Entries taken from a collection
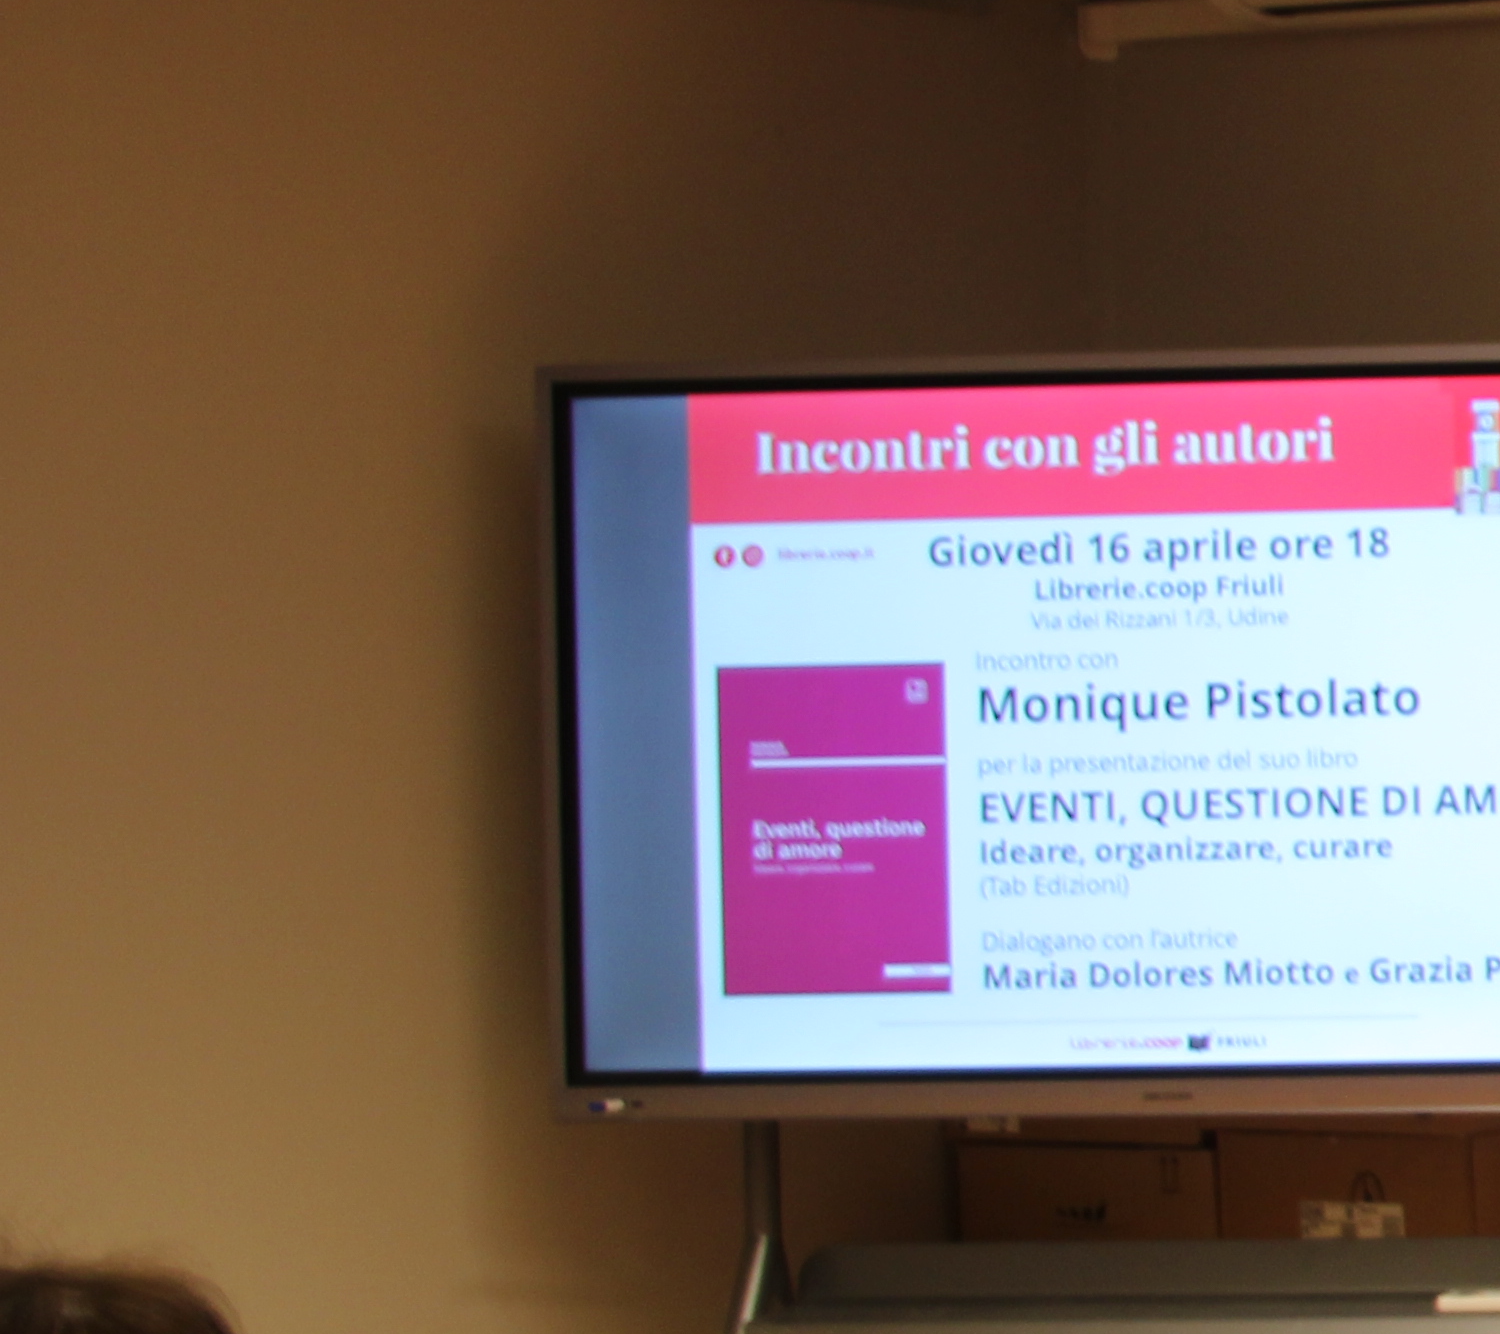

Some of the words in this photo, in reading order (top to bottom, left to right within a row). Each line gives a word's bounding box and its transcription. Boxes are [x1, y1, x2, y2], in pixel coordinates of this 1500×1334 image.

[756, 423, 973, 475] Incontri
[982, 431, 1080, 470] con
[1092, 419, 1158, 476] gli
[1171, 415, 1335, 465] autori
[928, 531, 1074, 567] Giovedì
[1089, 532, 1131, 563] 16
[1143, 527, 1258, 571] aprile
[1269, 537, 1334, 560] ore
[1346, 526, 1391, 558] 18
[1034, 575, 1209, 603] Librerie.coop
[1216, 572, 1285, 597] Friuli
[1030, 611, 1063, 631] Via
[1068, 609, 1101, 630] dei
[1105, 608, 1178, 629] Rizzani
[1184, 607, 1223, 631] 1/3,
[1228, 604, 1289, 626] Udine
[974, 649, 1073, 671] Incontro
[1079, 652, 1119, 669] con
[977, 681, 1190, 734] Monique
[1206, 676, 1422, 720] Pistolato
[977, 756, 1022, 777] per
[1024, 751, 1044, 774] la
[1049, 747, 1210, 777] presentazione
[1216, 749, 1253, 770] del
[1258, 752, 1301, 769] suo
[1306, 747, 1359, 768] libro
[980, 789, 1128, 828] EVENTI,
[1140, 785, 1369, 827] QUESTIONE
[1382, 784, 1422, 816] DI
[979, 839, 1087, 867] Ideare,
[1095, 833, 1284, 870] organizzare,
[1292, 836, 1394, 860] curare
[979, 875, 1027, 900] (Tab
[1034, 873, 1131, 898] Edizioni)
[981, 931, 1097, 957] Dialogano
[1102, 933, 1145, 950] con
[982, 961, 1077, 989] Maria
[1089, 959, 1214, 988] Dolores
[1223, 955, 1335, 986] Miotto
[1344, 967, 1360, 984] e
[1370, 954, 1473, 984] Grazia

What you should do
Word for word, return the records shown above without their pictures.

Solution for this problem
Some of the words in this photo, in reading order (top to bottom, left to right within a row). Each line gives a word's bounding box and its transcription. Boxes are [x1, y1, x2, y2], in pixel coordinates of this 1500×1334 image.

[756, 423, 973, 475] Incontri
[982, 431, 1080, 470] con
[1092, 419, 1158, 476] gli
[1171, 415, 1335, 465] autori
[928, 531, 1074, 567] Giovedì
[1089, 532, 1131, 563] 16
[1143, 527, 1258, 571] aprile
[1269, 537, 1334, 560] ore
[1346, 526, 1391, 558] 18
[1034, 575, 1209, 603] Librerie.coop
[1216, 572, 1285, 597] Friuli
[1030, 611, 1063, 631] Via
[1068, 609, 1101, 630] dei
[1105, 608, 1178, 629] Rizzani
[1184, 607, 1223, 631] 1/3,
[1228, 604, 1289, 626] Udine
[974, 649, 1073, 671] Incontro
[1079, 652, 1119, 669] con
[977, 681, 1190, 734] Monique
[1206, 676, 1422, 720] Pistolato
[977, 756, 1022, 777] per
[1024, 751, 1044, 774] la
[1049, 747, 1210, 777] presentazione
[1216, 749, 1253, 770] del
[1258, 752, 1301, 769] suo
[1306, 747, 1359, 768] libro
[980, 789, 1128, 828] EVENTI,
[1140, 785, 1369, 827] QUESTIONE
[1382, 784, 1422, 816] DI
[979, 839, 1087, 867] Ideare,
[1095, 833, 1284, 870] organizzare,
[1292, 836, 1394, 860] curare
[979, 875, 1027, 900] (Tab
[1034, 873, 1131, 898] Edizioni)
[981, 931, 1097, 957] Dialogano
[1102, 933, 1145, 950] con
[982, 961, 1077, 989] Maria
[1089, 959, 1214, 988] Dolores
[1223, 955, 1335, 986] Miotto
[1344, 967, 1360, 984] e
[1370, 954, 1473, 984] Grazia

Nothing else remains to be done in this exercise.